→ Exercise brief:
Would you print the whole listing again, word for word?

Segment Start: The data

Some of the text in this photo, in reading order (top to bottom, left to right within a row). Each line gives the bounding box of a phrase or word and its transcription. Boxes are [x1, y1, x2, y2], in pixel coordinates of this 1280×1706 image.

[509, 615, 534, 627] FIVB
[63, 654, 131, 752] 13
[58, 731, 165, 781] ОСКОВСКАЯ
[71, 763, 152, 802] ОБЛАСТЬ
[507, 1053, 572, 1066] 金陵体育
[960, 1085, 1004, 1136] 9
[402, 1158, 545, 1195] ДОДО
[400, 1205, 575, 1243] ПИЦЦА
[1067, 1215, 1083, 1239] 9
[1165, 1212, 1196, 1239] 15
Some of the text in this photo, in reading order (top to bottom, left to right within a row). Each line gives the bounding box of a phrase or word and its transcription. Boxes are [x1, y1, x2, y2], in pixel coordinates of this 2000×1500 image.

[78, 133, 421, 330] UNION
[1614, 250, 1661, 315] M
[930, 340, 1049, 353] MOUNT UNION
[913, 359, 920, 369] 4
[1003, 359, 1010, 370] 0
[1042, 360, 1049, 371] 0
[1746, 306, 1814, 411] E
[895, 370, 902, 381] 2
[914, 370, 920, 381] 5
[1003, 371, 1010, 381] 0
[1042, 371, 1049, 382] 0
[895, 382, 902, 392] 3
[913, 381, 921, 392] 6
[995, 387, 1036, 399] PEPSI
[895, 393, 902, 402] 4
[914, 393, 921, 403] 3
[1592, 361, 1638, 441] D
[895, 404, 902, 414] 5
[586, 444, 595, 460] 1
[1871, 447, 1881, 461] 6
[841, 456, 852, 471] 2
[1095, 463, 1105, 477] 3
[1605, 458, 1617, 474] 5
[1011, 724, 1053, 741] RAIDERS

Segment End: The data

→ Expected answer:
Some of the text in this photo, in reading order (top to bottom, left to right within a row). Each line gives the bounding box of a phrase or word and its transcription. Boxes are [x1, y1, x2, y2], in pixel coordinates of this 1280×1706 image.

[509, 615, 534, 627] FIVB
[63, 654, 131, 752] 13
[58, 731, 165, 781] ОСКОВСКАЯ
[71, 763, 152, 802] ОБЛАСТЬ
[507, 1053, 572, 1066] 金陵体育
[960, 1085, 1004, 1136] 9
[402, 1158, 545, 1195] ДОДО
[400, 1205, 575, 1243] ПИЦЦА
[1067, 1215, 1083, 1239] 9
[1165, 1212, 1196, 1239] 15
Some of the text in this photo, in reading order (top to bottom, left to right within a row). Each line gives the bounding box of a phrase or word and its transcription. Boxes are [x1, y1, x2, y2], in pixel coordinates of this 2000×1500 image.

[78, 133, 421, 330] UNION
[1614, 250, 1661, 315] M
[930, 340, 1049, 353] MOUNT UNION
[913, 359, 920, 369] 4
[1003, 359, 1010, 370] 0
[1042, 360, 1049, 371] 0
[1746, 306, 1814, 411] E
[895, 370, 902, 381] 2
[914, 370, 920, 381] 5
[1003, 371, 1010, 381] 0
[1042, 371, 1049, 382] 0
[895, 382, 902, 392] 3
[913, 381, 921, 392] 6
[995, 387, 1036, 399] PEPSI
[895, 393, 902, 402] 4
[914, 393, 921, 403] 3
[1592, 361, 1638, 441] D
[895, 404, 902, 414] 5
[586, 444, 595, 460] 1
[1871, 447, 1881, 461] 6
[841, 456, 852, 471] 2
[1095, 463, 1105, 477] 3
[1605, 458, 1617, 474] 5
[1011, 724, 1053, 741] RAIDERS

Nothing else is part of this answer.